• [How to complete this task] The entries that follow must be given again exactly, with no pictures kept.

• [Records supplied]
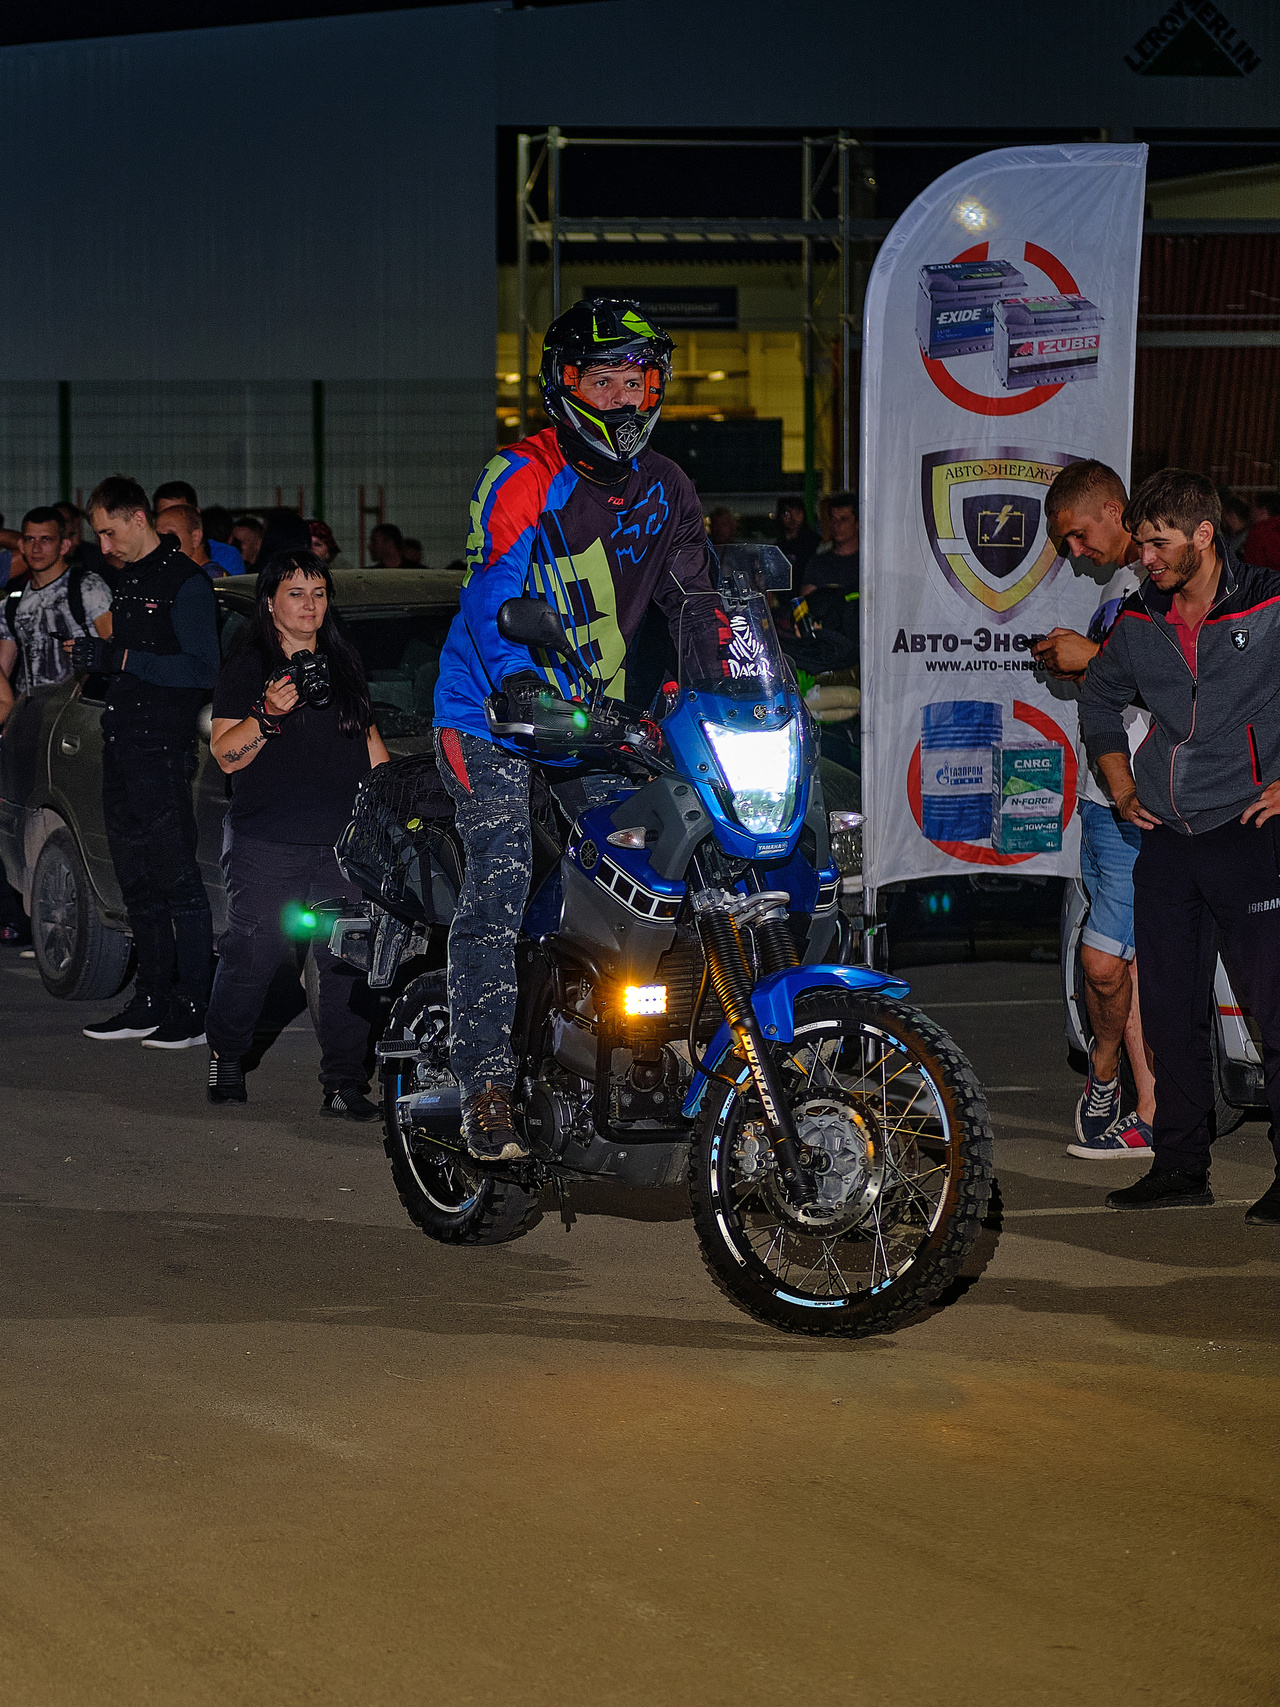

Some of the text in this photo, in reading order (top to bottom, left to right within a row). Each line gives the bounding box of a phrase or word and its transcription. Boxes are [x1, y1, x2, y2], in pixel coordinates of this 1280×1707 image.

[936, 308, 982, 325] EXIDE
[1042, 336, 1097, 354] ZUBR
[728, 657, 775, 679] DAKAR
[950, 766, 983, 777] ГАЗПРОМ
[741, 1034, 780, 1126] DUNLOP
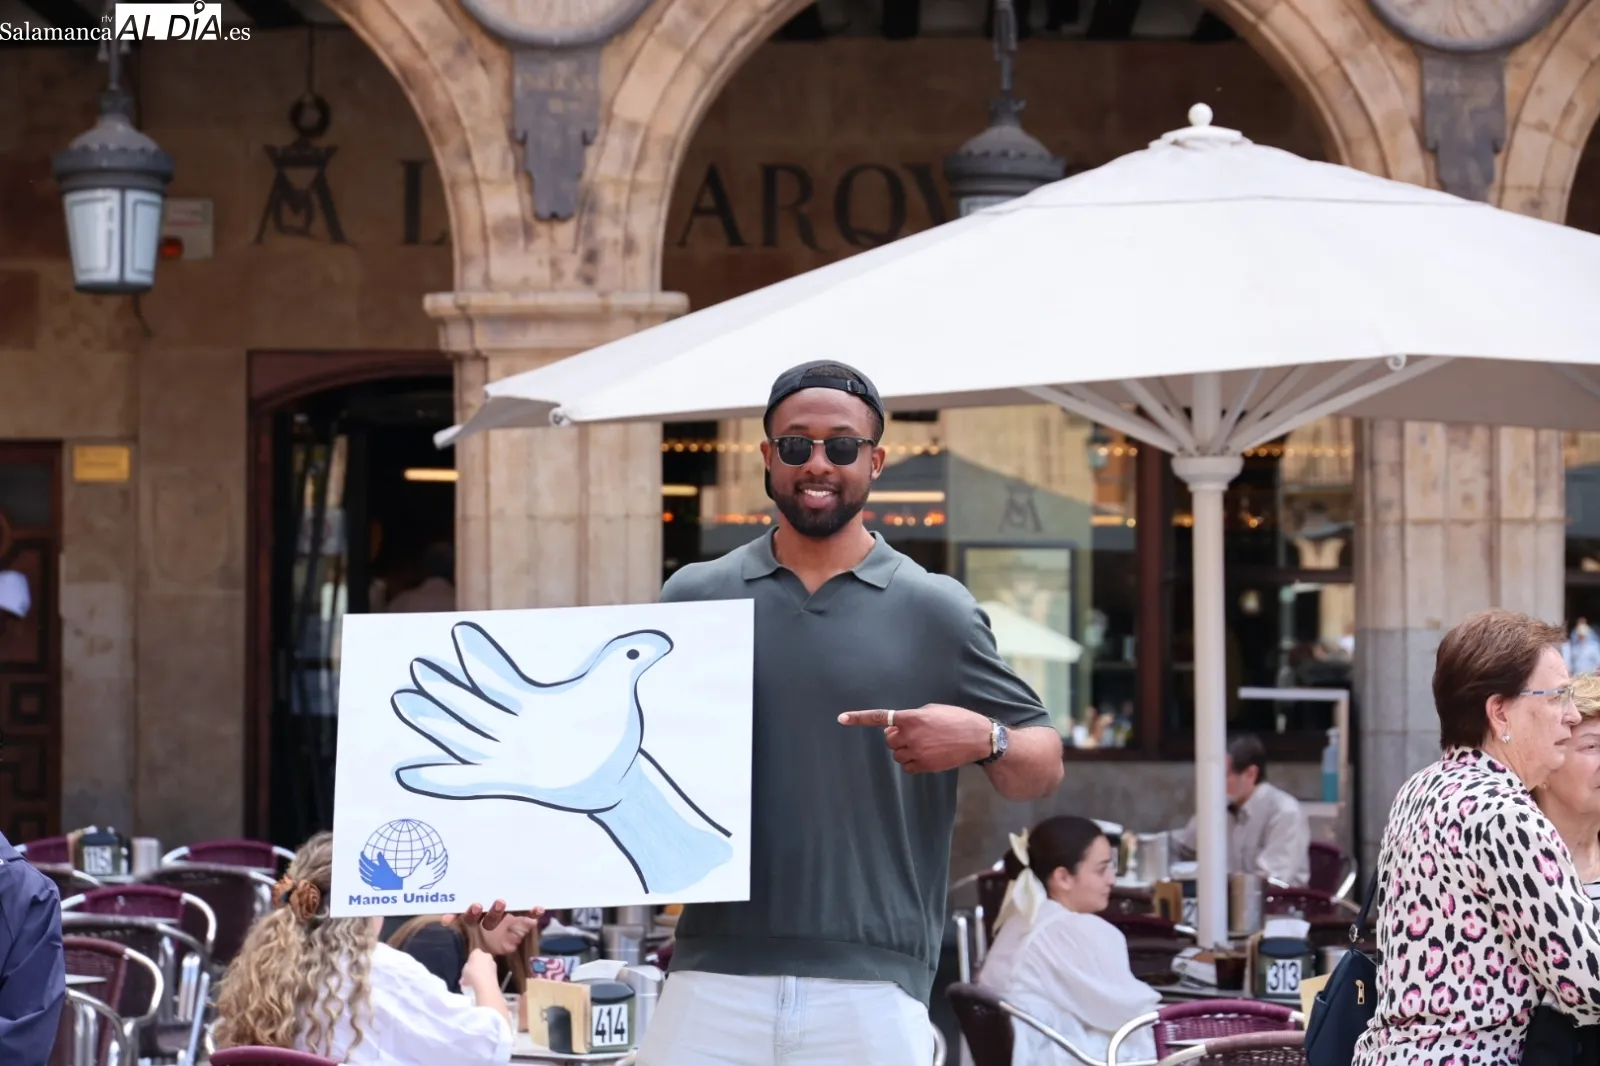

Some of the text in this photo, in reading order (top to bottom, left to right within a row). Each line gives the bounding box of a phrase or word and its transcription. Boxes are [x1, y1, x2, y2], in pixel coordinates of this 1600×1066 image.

• [Task response]
Some of the text in this photo, in reading order (top to bottom, left to right within a row). Each line gives the bounding box of a phrase or word and its transcription. Boxes are [x1, y1, x2, y2], in pixel coordinates of this 1280×1707 image.

[936, 308, 982, 325] EXIDE
[1042, 336, 1097, 354] ZUBR
[728, 657, 775, 679] DAKAR
[950, 766, 983, 777] ГАЗПРОМ
[741, 1034, 780, 1126] DUNLOP

Some of the text in this photo, in reading order (top to bottom, left to right within a row). Each line gives the bounding box of a phrase or word and its transcription. Boxes are [x1, y1, x2, y2], in pixel coordinates of this 1600×1066 image.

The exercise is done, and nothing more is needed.